Study group adopts Carmans River protection plan

Brookhaven Town’s Carmans River Study Group unanimously approved its watershed protection plan Wednesday. And some officials have said, if adopted by the Town Board, it would be the most significant piece of environmental protection legislation since the passing of the Pine Barrens Act of 1993.

The study group — comprised of town officials, environmentalists and developers chosen by Supervisor Mark Lesko and chaired by veteran planner Lee Koppelman — have been meeting weekly for the past three months to craft a plan to enhance the Carmans River and protect its water quality.

Under the proposal, 9,100 acres in the watershed would be protected and the Pine Barrens Core area would be expanded to include the creation of a preservation zone that would prohibit development.

“This is a terrific plan that protects the Carmans River as never before,” said Pine Barrens Society executive director Richard Amper. “It simultaneously moves the development out of residential communities and into commercial or industrial sites.”

The study group’s recommendations includes a multi-family zoning grading system — a new model devised by the town’s planning department that will redirect development out of the watershed and into existing commercial corridors. The headwaters of the Carmans River begin in Middle Island and flows nearly 11 miles through Upper Lake and Lower Lake in Yaphank before descending into the Great South Bay.  In August, Mr. Amper, along with civic leaders and other environmentalists, assembled outside Brookhaven Town Hall to urge town officials to complete a plan to preserve the Carmans River before certain proposed development projects moved forward in Middle Island.  Two months later, Mr. Lesko announced a suspension on processing those building permits and gave the newly formed study group a 90-day deadline to come up with a watershed protection plan.

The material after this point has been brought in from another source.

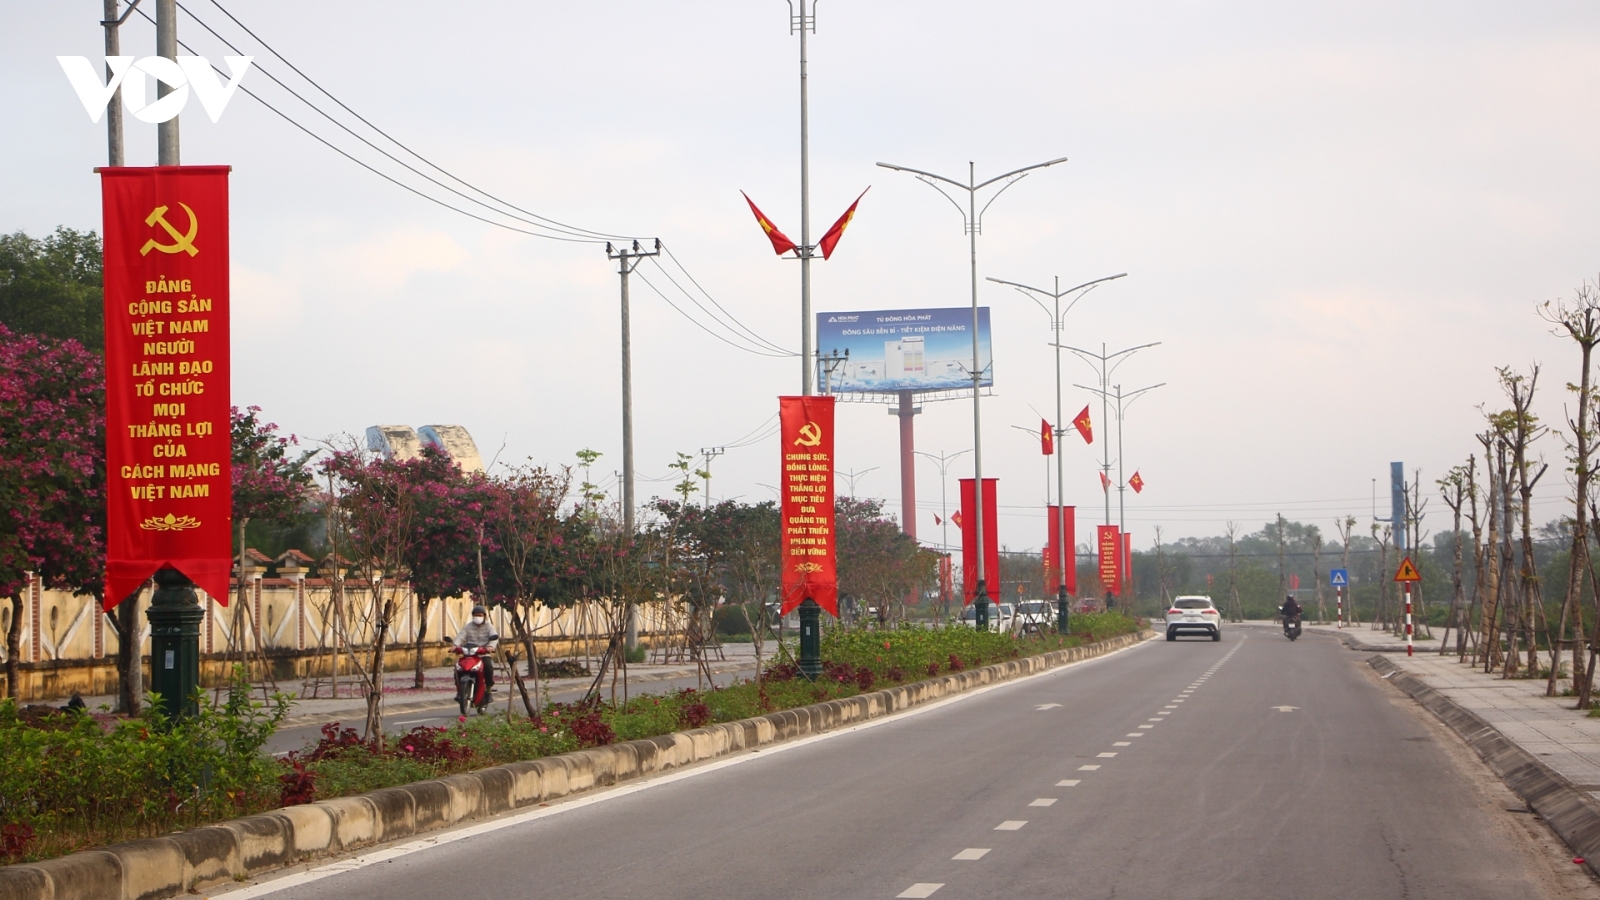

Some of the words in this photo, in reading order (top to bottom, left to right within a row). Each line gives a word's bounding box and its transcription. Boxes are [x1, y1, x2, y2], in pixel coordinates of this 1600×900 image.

Nature Conservancy representative Kevin McDonald said while writing the plan within the time frame was challenge, the difficult part will be enforcing it.  “If this plan gets implemented as designed, just under half of the watershed would be protected,” he said. “It’s a good plan that will protect the river, the forest and the Great South Bay.”  Groundwater discharge accounts for about 94 percent of the Carmans River, with the remainder of its flow originating from surface water, officials said.  A model determining the river’s groundwater and surface water contributing areas was developed by planning consultants Camp, Dresser & McKee, or CDM.  According to CDM’s model, parcels north of Middle Country Road do not contribute to the Carmans River groundwater flow, but the area’s surface water, which travels over roads, parking lots and lawns, does flow into the river.

Pending Middle Island development projects identified in the river’s surface water contributing area include: Sandy Hills, a 135-unit housing project; the Sam Glass property, which is slated for a 66-unit housing project; and a retail complex at the former K-mart property called Artist Lake Plaza.  The study group recommends the Town Board pursue the acquisition of the Sandy Hills and Sam Glass properties for open space, if there is a willing seller.  Pending projects located in the groundwater contributing area in Yaphank, which are closer to the river and therefore located in a more sensitive area of the watershed, include: Meadows at Yaphank, an 800-unit housing project located at the northwest corner of the Long Island Expressway and William Floyd Parkway; and Legacy Village, a 1,100-unit housing and mixed-use project located on Suffolk County owned land.

If the county Legislature deems a portion of the Yaphank land as surplus, then the study group recommends the Town Board acquire it for open space.  Mr. Koppelman and Commissioner of Planning Tullio Bertoli will present a summary of the study group’s findings to the Town Board during worksession Thursday.

The Town Board will vote Tuesday to schedule a public hearing on the watershed protection plan.